RELATED: How to Use Scenarios in Training to Improve Campus Safety and Security

On June 17, after four months of planning, the live exercise, codenamed Operation SLEIPNIR, was conducted. At approximately 9:30 a.m., the exercise began with the assailant moving through the NIEHS facility. In the early stages of the scenario, a number of casualties occurred in a lab area, which also resulted in a chemical spill. This added complexity of a HazMat situation required close coordination between the security guards, the NIEHS Health and Safety branch and the police in order to safely clear the area. The exercise continued throughout the morning and resulted in the capture of the suspect by the EPA security officer force and law enforcement.

As soon as the threat had been eliminated, the NIEHS COOP was initiated and the Emergency Operations Center (EOC) was stood up to start the recovery phase.

There were several lessons learned from the exercise.

1. Employees need to know emergency plans and protocols to understand what they need to do in a crisis.
2. Communications become chaotic and uncoordinated. It is important that organizations and their employees have the right communication tools and are familiar with notification methods. This also extends to the radio communications between the campus security teams, local law enforcement agencies and emergency first responders. Institutions must ensure that communications systems and equipment are working and are able to reach the entire campus community.
3. Emergency plans must be reviewed, updated and exercised on a regular basis, e.g. every 12-24 months.
4. Work with your local law enforcement and emergency first responders. They can help provide valuable information and assist with emergency planning and response.
5. An incident command system is an absolute must to ensure a coordinated and effective effort. Time is of the essence and the more coordinated the effort, the sooner the incident will come to an end.
6. The importance of the Continuity of Operations Plan (COOP) post incident is critical. An organization or institution will have significant issues to address and will need to be prepared. Notifying or helping next-of-kin, caring for injured personnel, crime scenes, loss of workspace and equipment, people traumatized and unwilling to return to work and crisis communications (internal/external) are just a few of the issues.

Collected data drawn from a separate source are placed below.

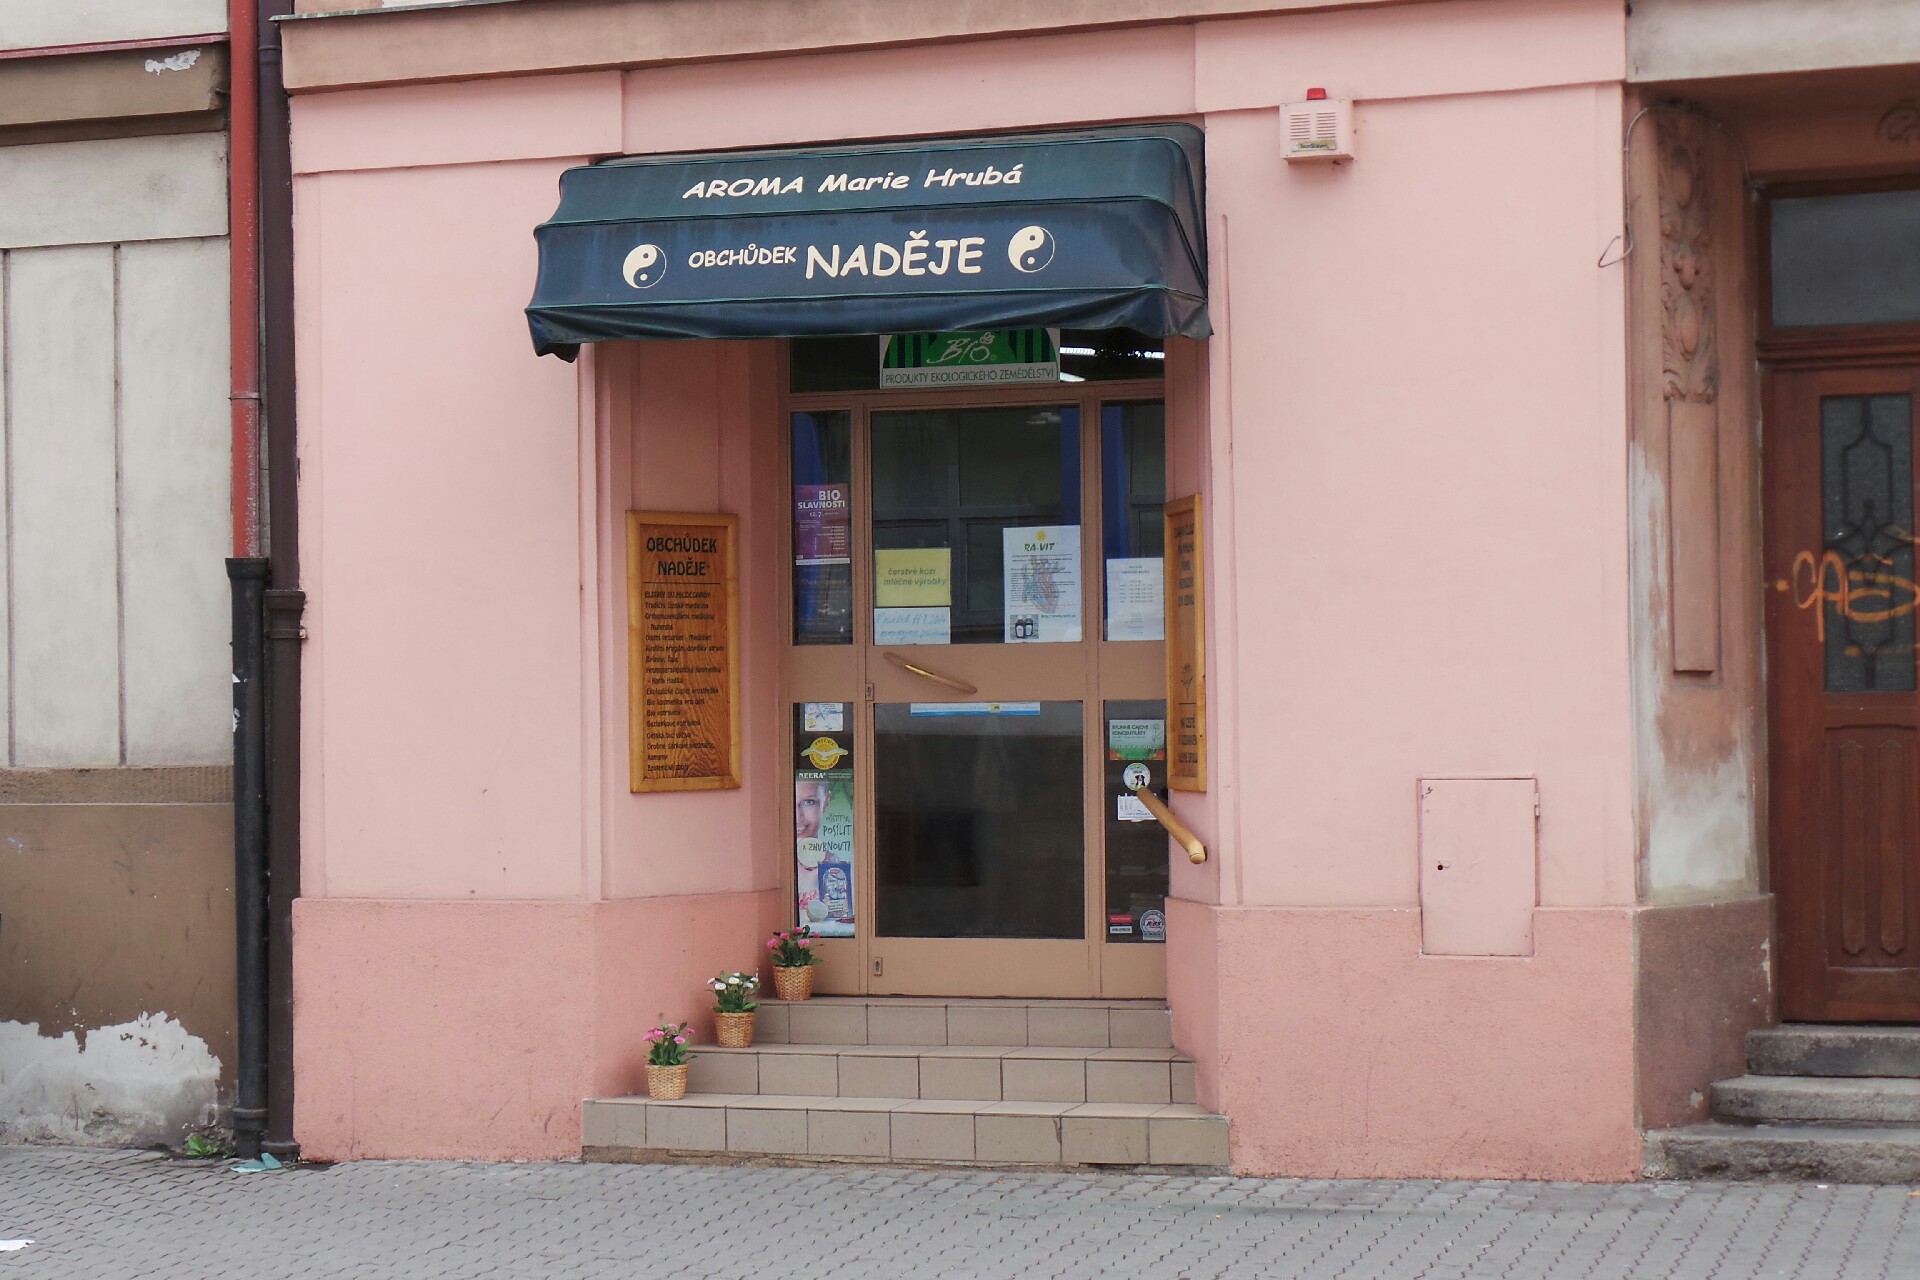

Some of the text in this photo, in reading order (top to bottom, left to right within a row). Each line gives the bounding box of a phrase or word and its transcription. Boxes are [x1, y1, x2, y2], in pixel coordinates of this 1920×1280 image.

[682, 163, 1024, 199] AROMA Marie Hrubá
[688, 229, 986, 279] OBCHŮDEK NADĚJE
[885, 366, 1054, 384] PRODUKTY EKOLOGICKÉHO ZEMĚDĚLSTVÍ
[818, 489, 841, 500] BIO
[797, 500, 846, 509] SLAVNOSTI
[646, 532, 717, 553] OBCHŮDEK
[1024, 542, 1056, 552] RA-VIT
[658, 556, 706, 576] NADĚJE

Through appropriate planning, training and awareness, people can and do become more resilient, confident and quickly realize that they are not helpless in a crisis. Armed with the right information and training, people will be able to make important and timely decisions that will significantly improve their chances of survival.

William C Malone is the Director of Global Risk Services at McManis & Monsalve Associates Inc., in Erie, Pa.